Giampaolo Amato, ergastolo confermato in appello
La Corte d’Assise d’appello di Bologna conferma l’ergastolo per Giampaolo Amato, ritenuto responsabile dell’omicidio della moglie Isabella Linsalata e della suocera Giulia Tateo. Nelle 331 pagine di motivazioni, i giudici parlano di un duplice delitto “detto esclusivamente da motivazioni egoistiche”, sottolineando la totale assenza di elementi umani o etici nella condotta dell’imputato. Secondo la Corte, si è trattato di un “omicidio reiterato”, portato avanti con lucidità e freddezza, attraverso modalità “di grande scaltrezza”.

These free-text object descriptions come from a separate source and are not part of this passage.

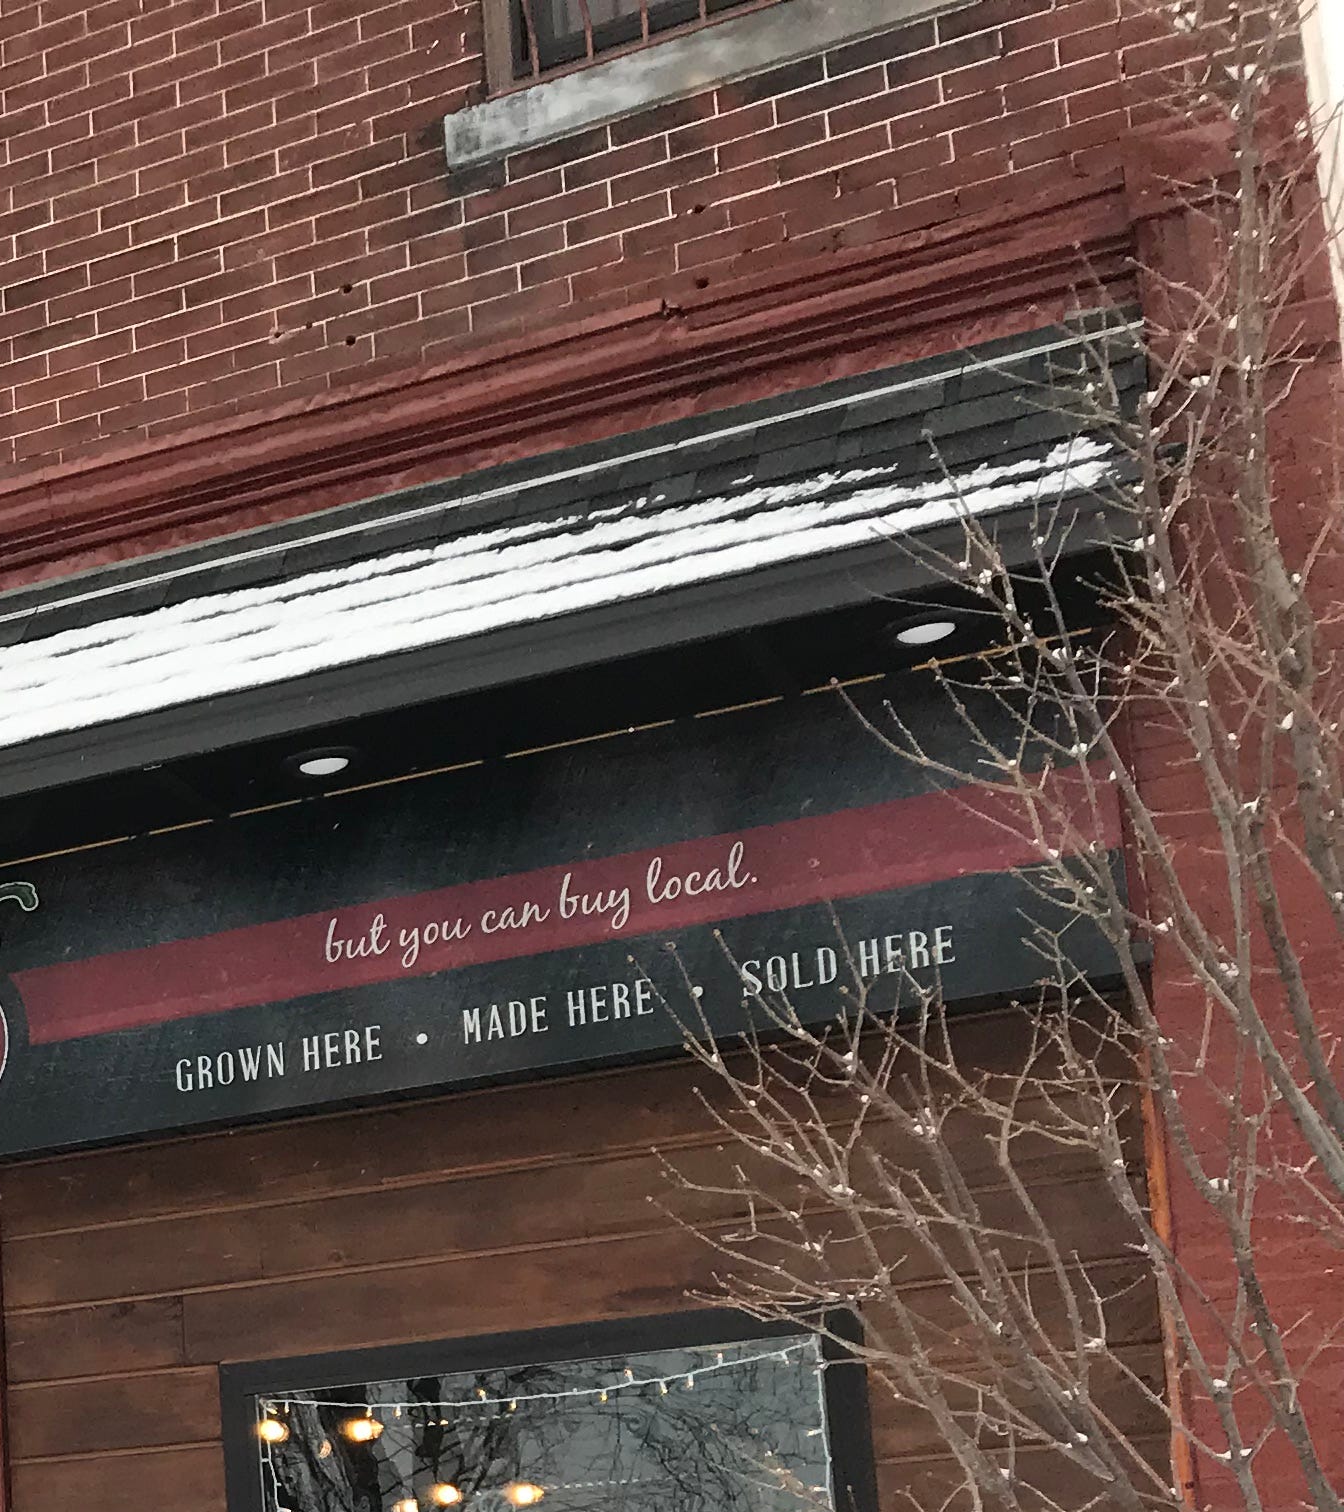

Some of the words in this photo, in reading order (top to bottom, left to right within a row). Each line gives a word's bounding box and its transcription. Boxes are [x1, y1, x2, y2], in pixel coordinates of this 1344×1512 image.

[325, 912, 391, 963] but
[398, 919, 472, 968] you
[481, 898, 550, 934] can
[559, 872, 630, 930] buy
[646, 840, 758, 904] local.
[175, 1041, 285, 1092] GROWN
[303, 1024, 383, 1072] HERE
[462, 996, 549, 1045] MADE
[567, 978, 654, 1027] HERE
[741, 947, 838, 997] SOLD
[858, 925, 956, 978] HERE

I giudici, presieduti da Pasquale Stigliano con estensore Enrico Saracini, definiscono “granitico” il quadro indiziario a carico di Amato. Una ricostruzione che conferma integralmente l’impianto accusatorio già emerso in primo grado e sostenuto dalla Procura generale. La sentenza evidenzia come non vi sia stata alcuna revisione critica da parte dell’imputato, che continua a dichiararsi innocente. Un atteggiamento ritenuto comprensibile in linea generale, ma che nel caso specifico si accompagna a una strategia difensiva giudicata fuorviante.